Located in the Tijuca Range, Pedra da Gávea is 842 m (2,762 ft) tall, and is a granite dome. The flat top of the mountain is capped with a 150 m tall layer of granite, whereas underneath, the mound is made up of gneiss. The former dates to around 450 million years ago, whereas the latter dates to 600 million years. The mountain, much like other stone outcroppings in and around the area, is the result of younger Neoproterozoic granitoid rocks and thin Cretaceous diabase dikes intruding the older Meso-Neoproterozoic high-grade metasedimentary rocks.

The contact zone between the upper granite and the lower gneiss is both sub-horizontal and semi-gradual, and the gneissic xenoliths have a tabular form, which heavily suggests that they were captured from a magma chamber's floor by thermal detachment.

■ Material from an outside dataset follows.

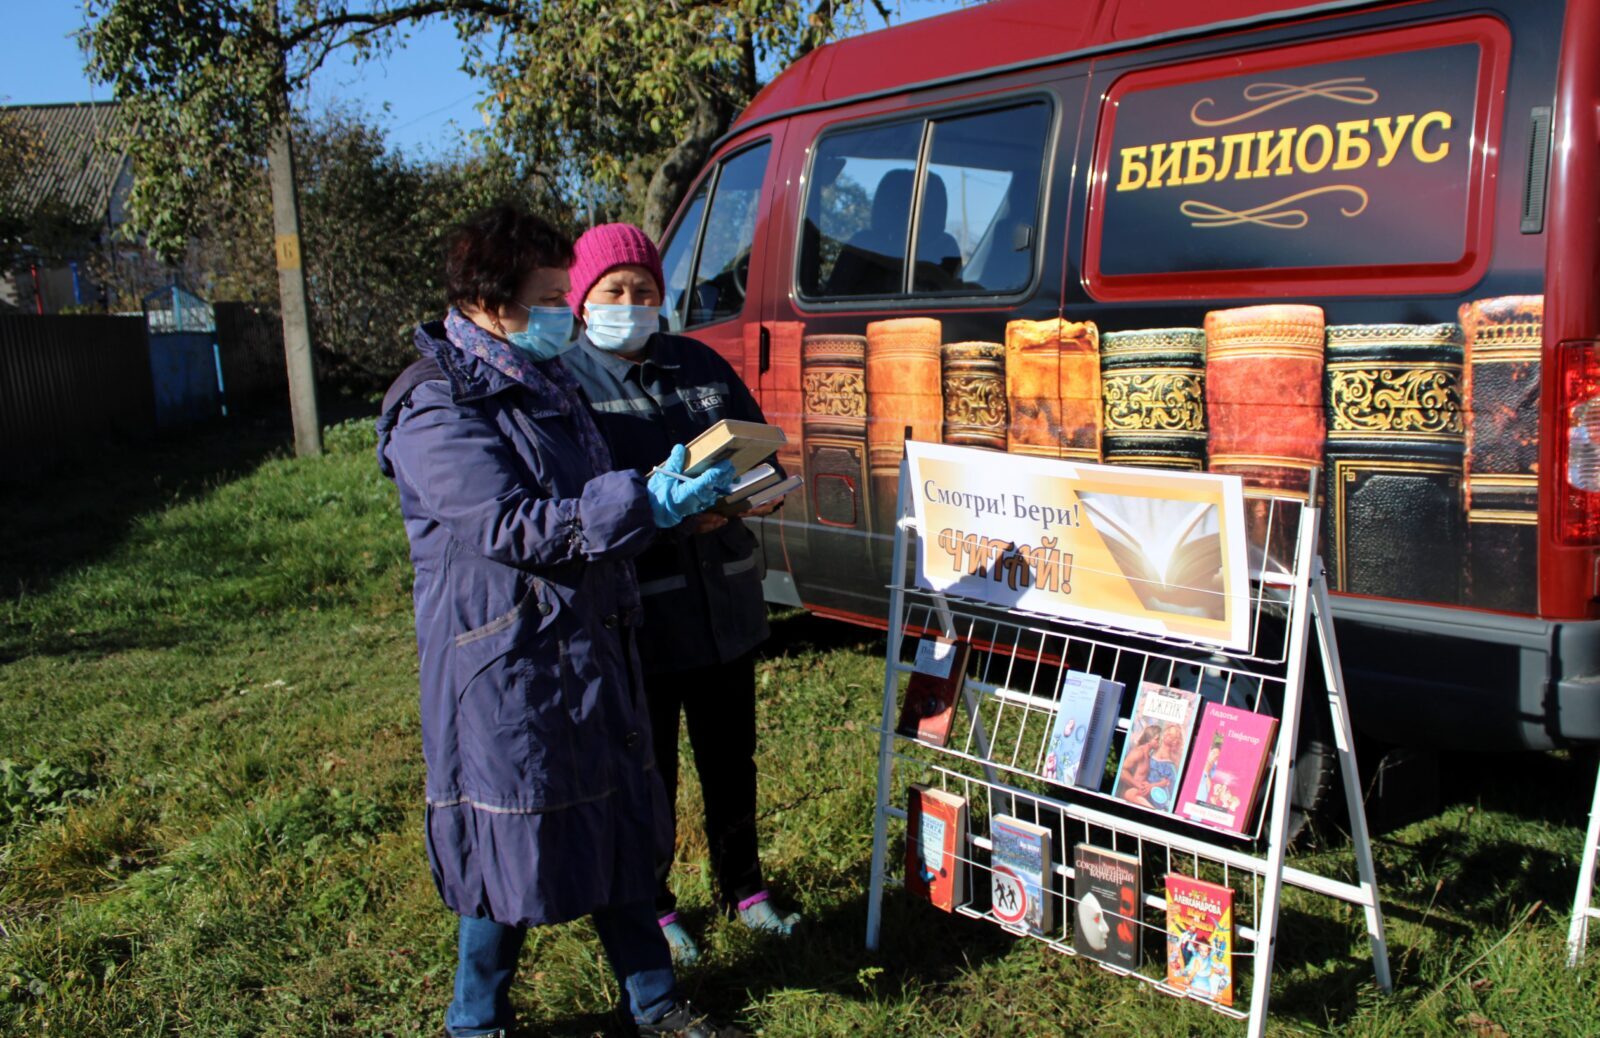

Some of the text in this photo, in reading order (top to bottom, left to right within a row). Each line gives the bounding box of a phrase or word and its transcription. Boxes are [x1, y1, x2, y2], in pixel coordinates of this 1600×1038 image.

It has been suggested that Pedra da Gávea "correspond[s] to the bottom of a granitic magma chamber and the original thickness of the granitic body was much larger than the present exposure." The granitic body of the Pedra da Gávea could also correspond to the eastern extension of the nearby Pedra Branca Granite Massif, according to Akihisa Motoki et al.

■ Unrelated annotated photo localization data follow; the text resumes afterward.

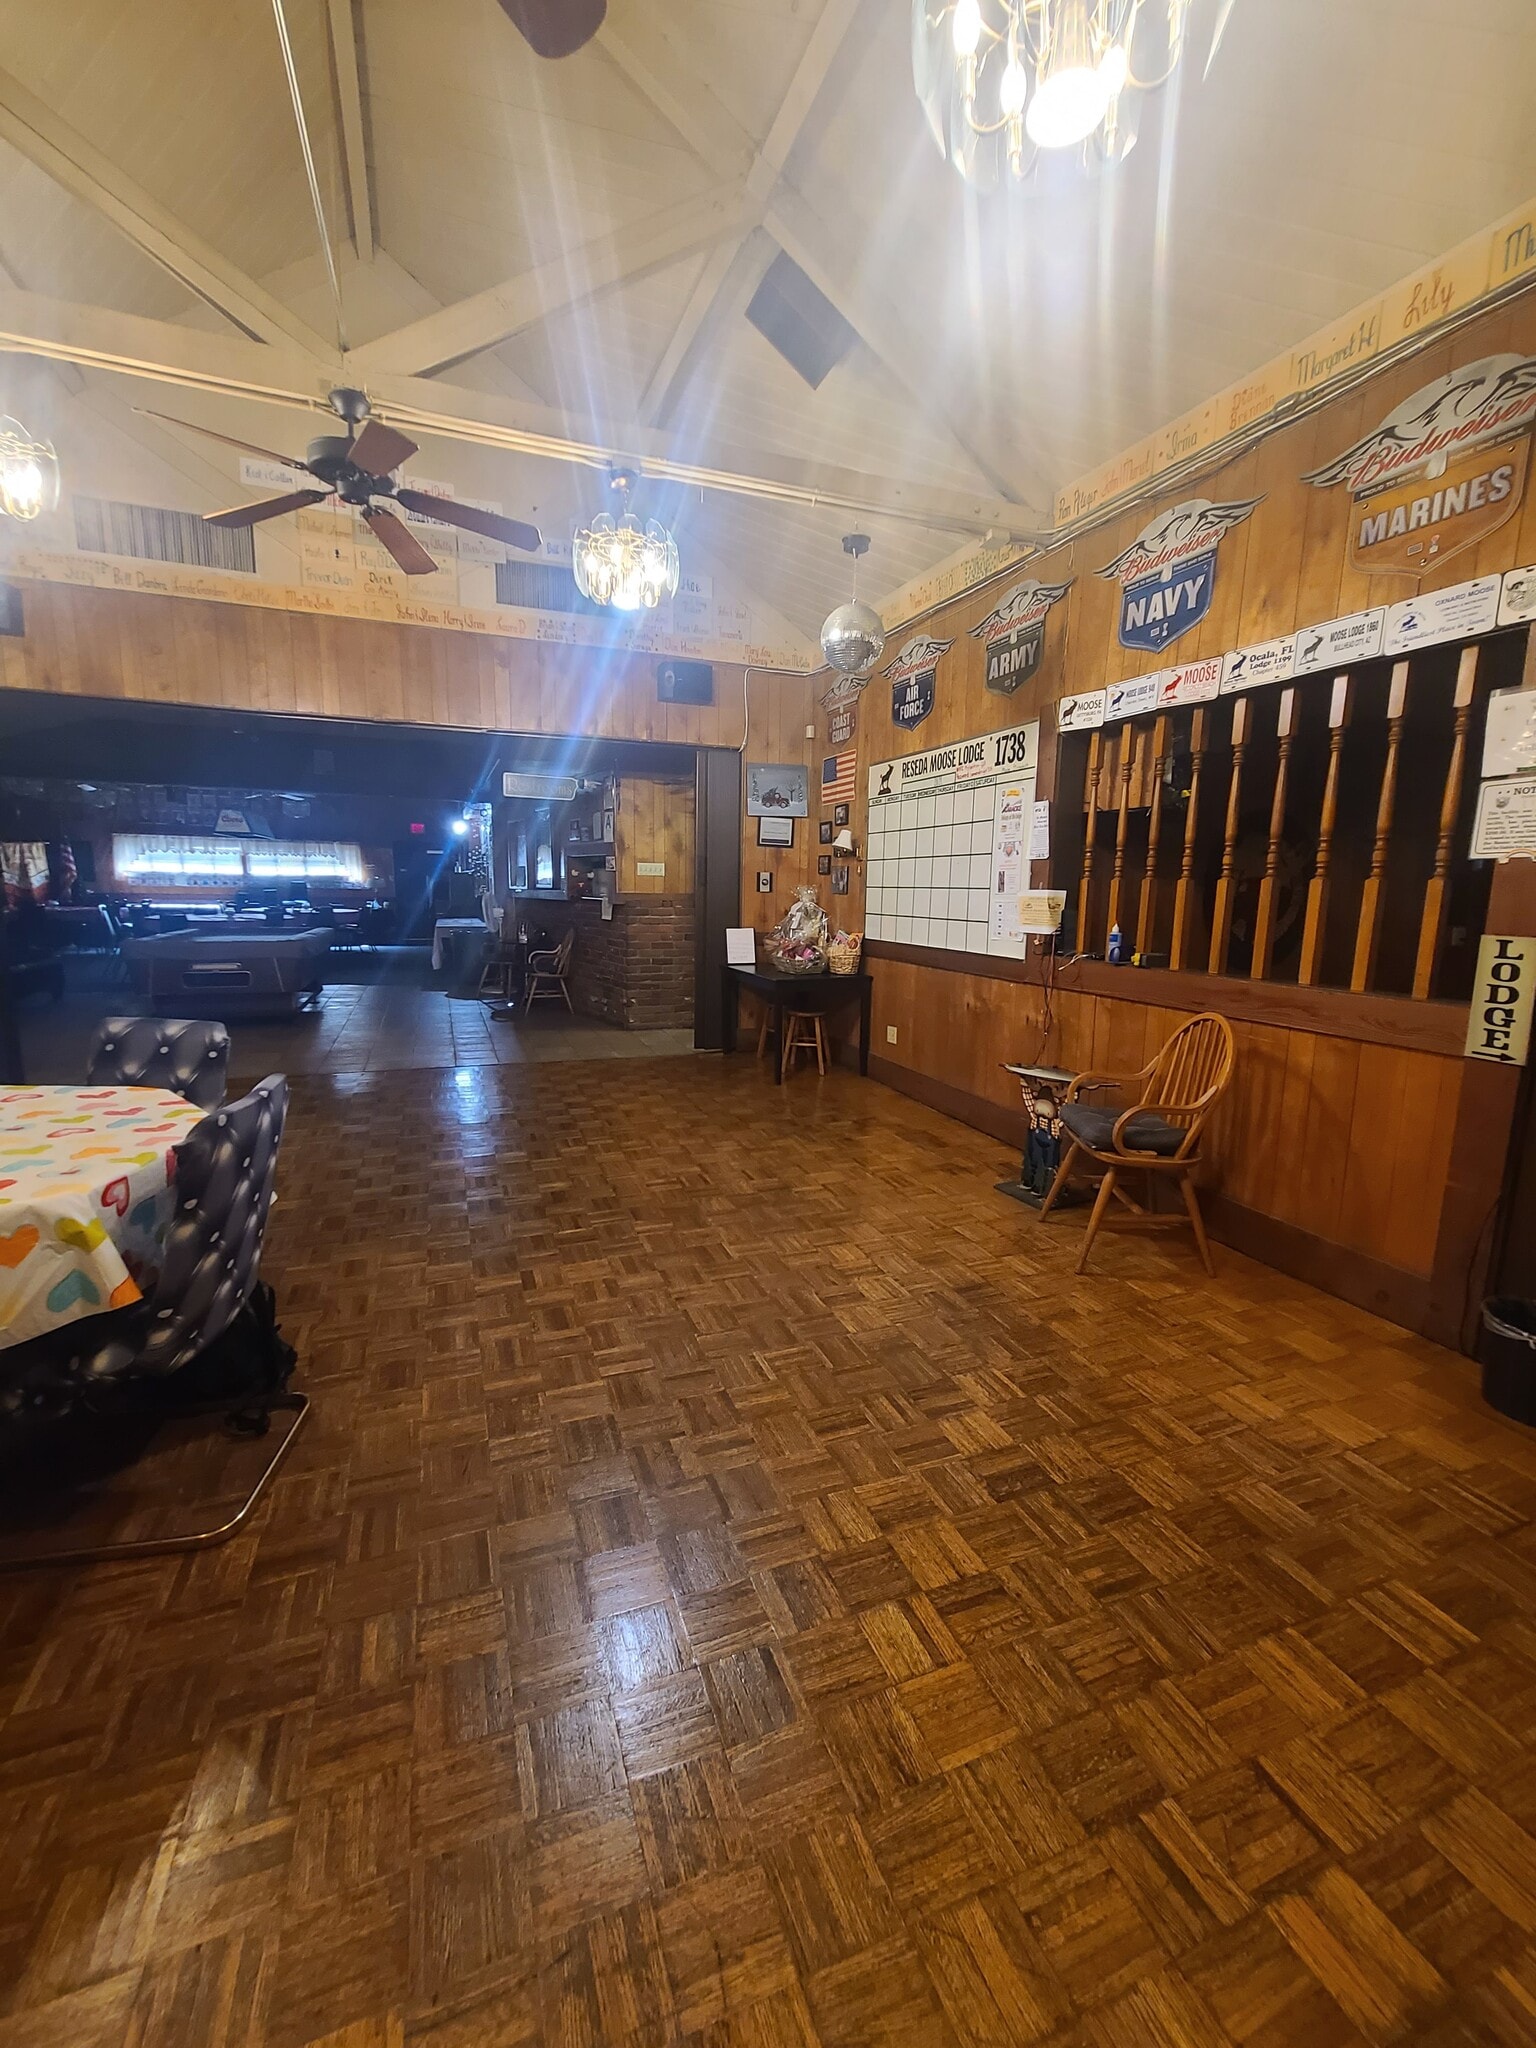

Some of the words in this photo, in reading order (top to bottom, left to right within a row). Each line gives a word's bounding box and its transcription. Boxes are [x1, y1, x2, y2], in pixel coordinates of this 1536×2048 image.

[1346, 392, 1536, 489] Budweiser
[1358, 464, 1513, 549] MARINES
[1118, 526, 1222, 584] Budweiser
[1124, 573, 1207, 633] NAVY
[1435, 593, 1466, 606] OXNARD
[1467, 584, 1496, 597] MOOSE
[983, 605, 1047, 641] Budweiser
[1329, 628, 1347, 643] MOOSE
[1348, 624, 1365, 638] LODGE
[988, 639, 1038, 681] ARMY
[1249, 650, 1279, 663] Ocala,
[1281, 644, 1295, 656] FL
[1249, 661, 1271, 670] Lodge
[1273, 655, 1293, 665] 1199
[889, 655, 939, 682] Budweiser
[1183, 664, 1218, 686] MOOSE
[905, 684, 919, 703] AIR
[899, 698, 925, 721] FORCE
[1077, 698, 1103, 712] MOOSE
[832, 712, 850, 728] COAST
[831, 727, 850, 744] GUARD
[994, 730, 1026, 767] 1738
[901, 756, 928, 780] RESEDA
[929, 749, 957, 773] MOOSE
[958, 741, 986, 766] LODGE
[917, 789, 937, 797] WEDNESDAY
[937, 786, 955, 794] THURSDAY
[975, 777, 995, 786] SATURDAY
[605, 814, 612, 829] A
[1480, 939, 1525, 1051] LODGE

Differential weathering incised the northern side of the mountain, producing cavities underneath the granite dome. The abrupt dome itself is the result of the more durable granite having resisted the aforementioned weathering more so than the softer gneiss. Furthermore, erosion has worn etches into the mountain's sides.

The mountain is covered in lemon, orange, breadfruit, banana, and papaya trees, as well as cannas and roses.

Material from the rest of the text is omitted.